Cleveland, Ohio: A study at six of the nation's leading children's hospitals has concluded that physicians should do a better job in communicating with parents before a child with cancer enrolls in a randomized clinical trial. "Our findings demonstrate that common strategies to explain the concept of randomization to patient families are not effective," explains Eric Kodish, MD, lead author of the study published in the Journal of the American Medical Association (JAMA, 1/28/04). Dr. Kodish is a pediatric oncologist and director of the Rainbow Center for Pediatric Ethics at Rainbow Babies & Children's Hospital in Cleveland, and professor of pediatrics at Case Western Reserve University School of Medicine.
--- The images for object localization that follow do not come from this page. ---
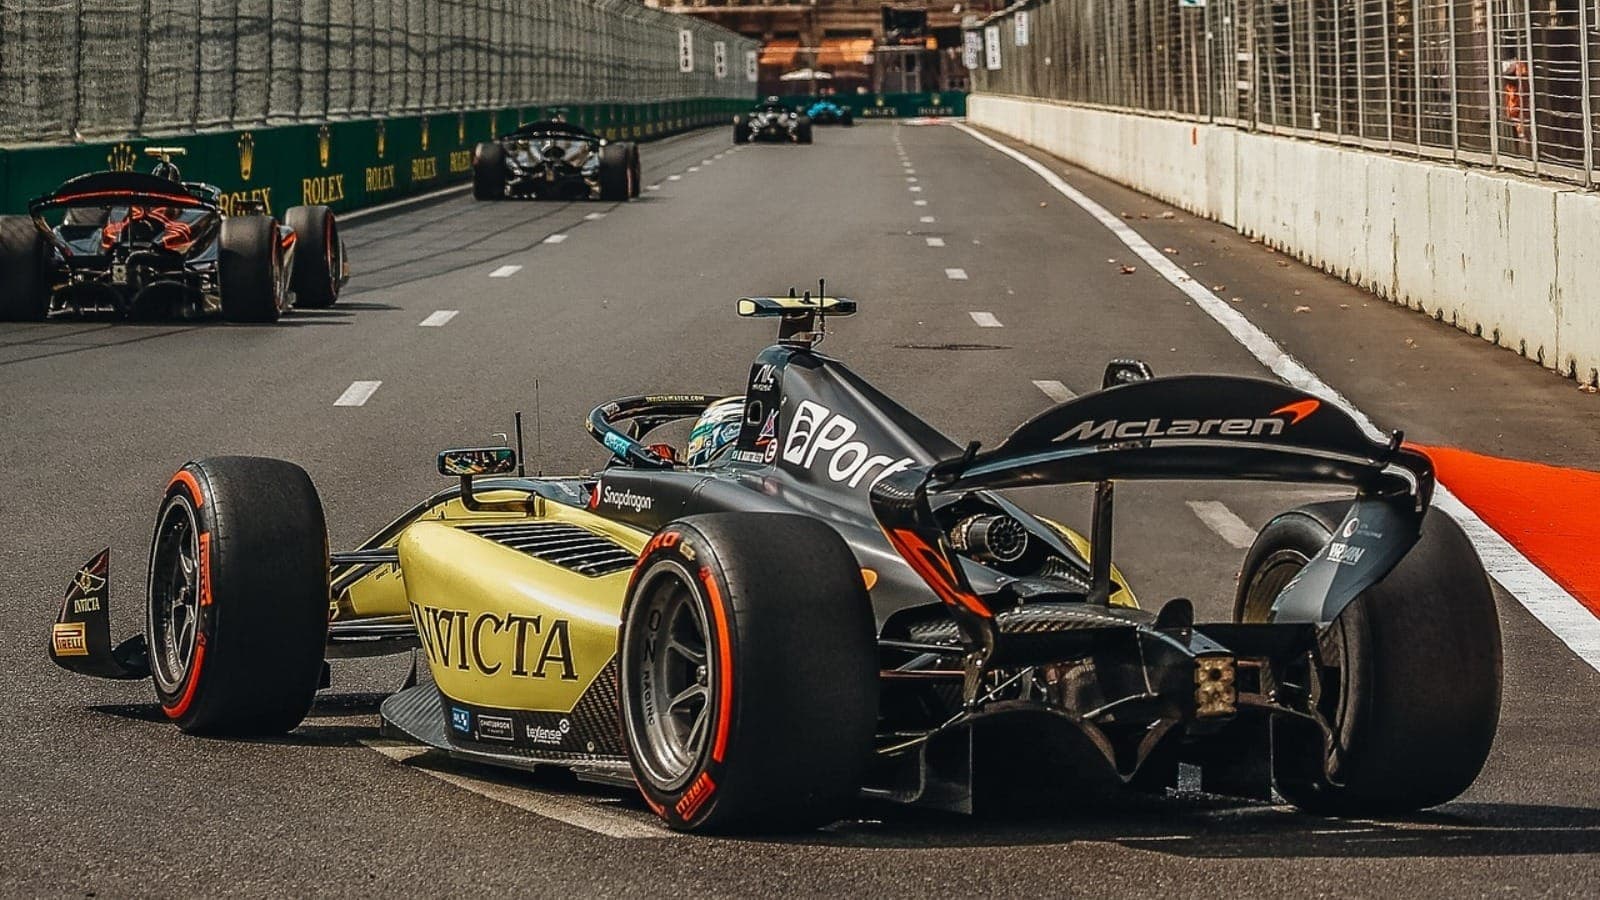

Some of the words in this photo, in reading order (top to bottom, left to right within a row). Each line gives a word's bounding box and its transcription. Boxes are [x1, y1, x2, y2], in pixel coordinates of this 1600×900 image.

[303, 174, 343, 206] ROLEX
[365, 165, 394, 192] ROLEX
[1052, 418, 1285, 442] McLaren
[603, 485, 652, 512] Snapdragon
[74, 597, 101, 614] INVICTA
[55, 629, 84, 651] PIRELLI
[409, 601, 579, 681] NVICTA
[642, 670, 656, 726] RACING
[675, 771, 716, 821] PIRELLI
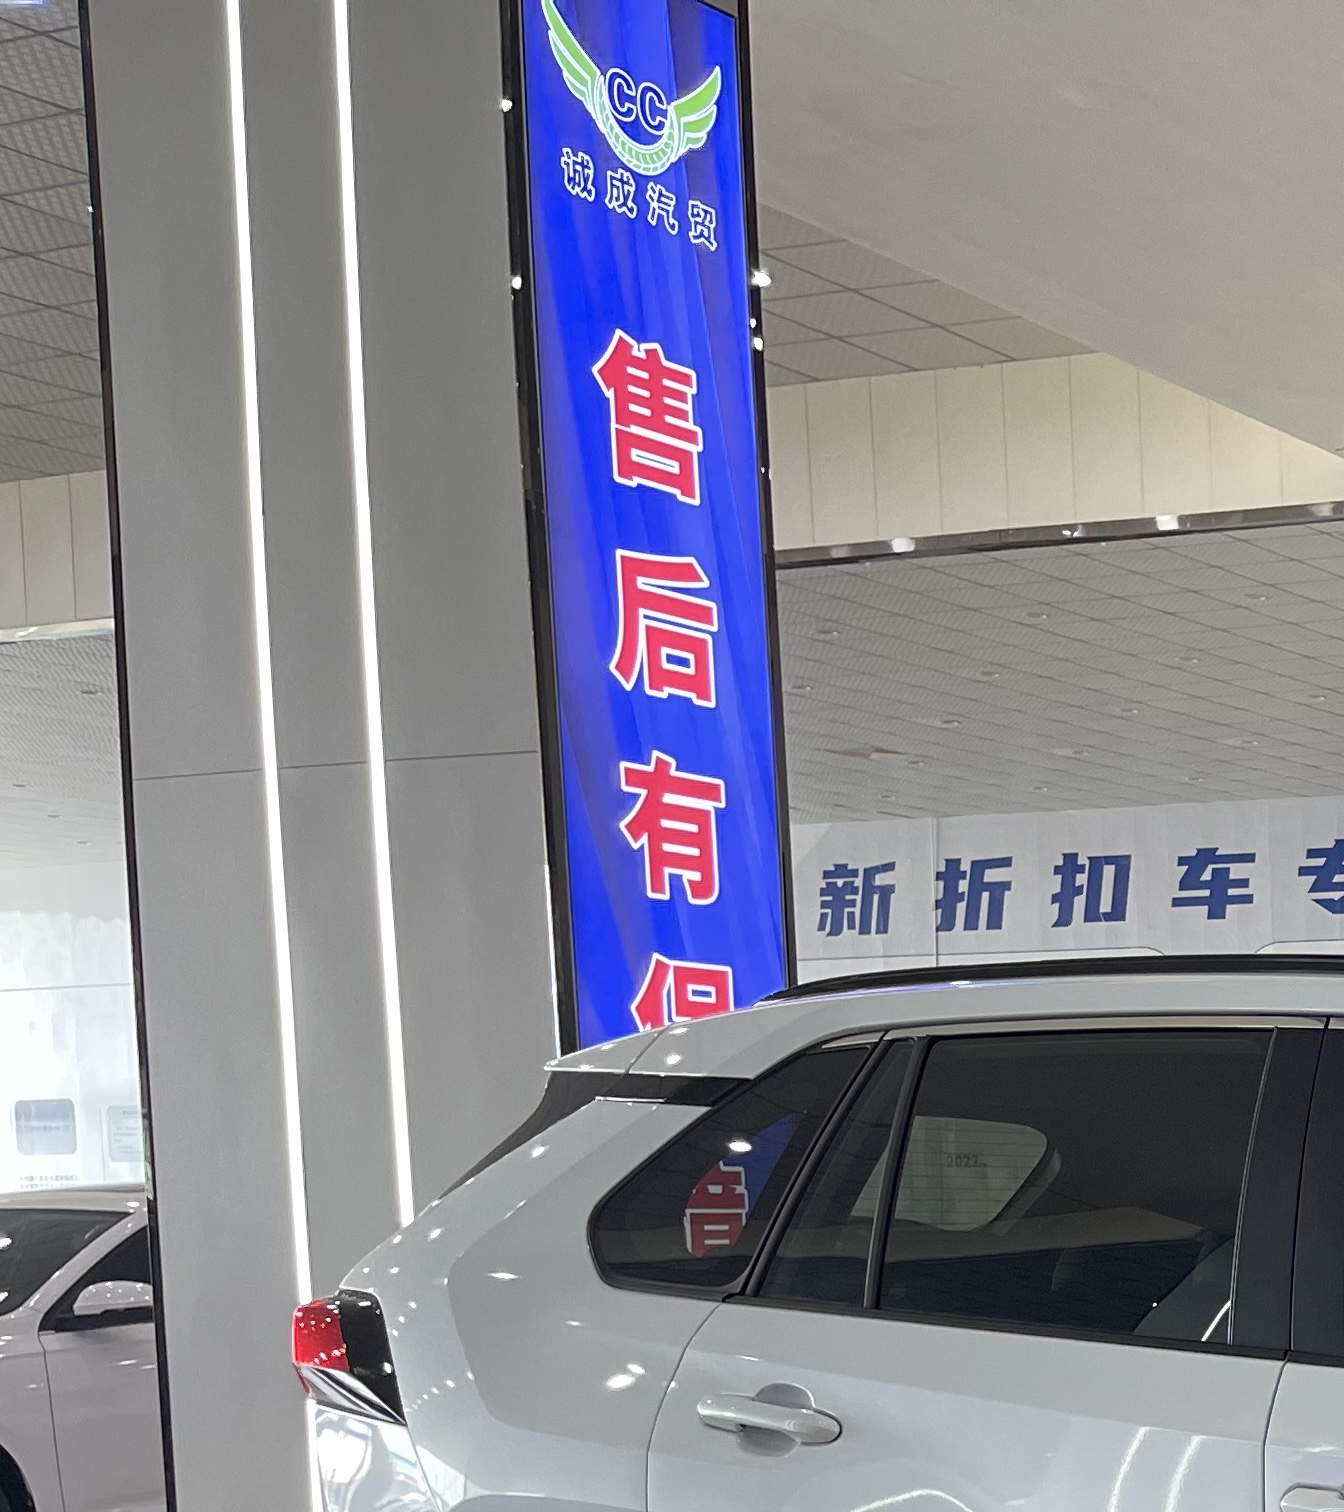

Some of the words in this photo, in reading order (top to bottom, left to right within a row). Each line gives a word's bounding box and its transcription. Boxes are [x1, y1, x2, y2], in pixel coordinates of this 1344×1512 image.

[607, 67, 668, 135] CC
[560, 147, 718, 252] 诚成汽贸
The research also involved a Parent Advisory Group to help in the study design and analysis, with parents representing all the study sites, including: Rainbow; Children's Hospital Medical Center, Cincinnati, OH; Children's Hospital Los Angeles, CA; Children's Hospital of Philadelphia, PA; Children's National Medical Center in Washington, DC; and the MD Anderson Cancer Center in Houston, TX. The study was supported by the National Institutes of Health and the Children's Oncology Group, a network of pediatric medical centers.
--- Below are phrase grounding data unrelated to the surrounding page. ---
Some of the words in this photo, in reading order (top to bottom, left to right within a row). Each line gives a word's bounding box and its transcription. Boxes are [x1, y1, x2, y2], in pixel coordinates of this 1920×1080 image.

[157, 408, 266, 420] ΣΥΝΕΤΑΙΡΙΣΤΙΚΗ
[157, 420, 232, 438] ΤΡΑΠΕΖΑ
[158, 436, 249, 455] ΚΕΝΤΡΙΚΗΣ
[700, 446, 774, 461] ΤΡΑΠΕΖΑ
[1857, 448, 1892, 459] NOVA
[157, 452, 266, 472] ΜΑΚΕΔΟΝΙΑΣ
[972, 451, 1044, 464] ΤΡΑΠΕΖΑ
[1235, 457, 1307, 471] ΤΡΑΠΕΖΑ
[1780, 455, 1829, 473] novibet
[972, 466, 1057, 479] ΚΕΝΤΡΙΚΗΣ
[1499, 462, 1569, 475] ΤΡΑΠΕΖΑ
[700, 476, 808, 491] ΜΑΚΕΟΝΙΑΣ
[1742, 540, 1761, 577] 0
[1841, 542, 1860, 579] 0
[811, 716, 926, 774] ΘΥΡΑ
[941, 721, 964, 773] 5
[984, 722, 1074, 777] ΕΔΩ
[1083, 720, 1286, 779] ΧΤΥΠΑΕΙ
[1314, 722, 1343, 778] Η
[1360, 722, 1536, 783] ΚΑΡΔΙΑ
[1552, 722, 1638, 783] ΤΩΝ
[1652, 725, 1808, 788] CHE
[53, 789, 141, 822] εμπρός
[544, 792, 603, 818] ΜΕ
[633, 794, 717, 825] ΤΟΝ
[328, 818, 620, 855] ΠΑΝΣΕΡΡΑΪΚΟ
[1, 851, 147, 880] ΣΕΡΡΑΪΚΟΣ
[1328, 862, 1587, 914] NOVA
As part of the study, researchers observed and audiotaped the informed consent conferences involving 137 families at the six medical centers from July 1, 1999 to December 31, 2001. The patients were children, all newly diagnosed with acute leukemia. Childhood cancer treatment commonly involves the option of participation in clinical trials, which have revolutionized pediatric cancer treatment and significantly improved outcomes. In fact, the authors note that: "Thousands of children with cancer have been enrolled in randomized clinical trials over the past 40 years. The cure of childhood leukemia, one of the great success stories of modern medicine, has been a direct result of these trials."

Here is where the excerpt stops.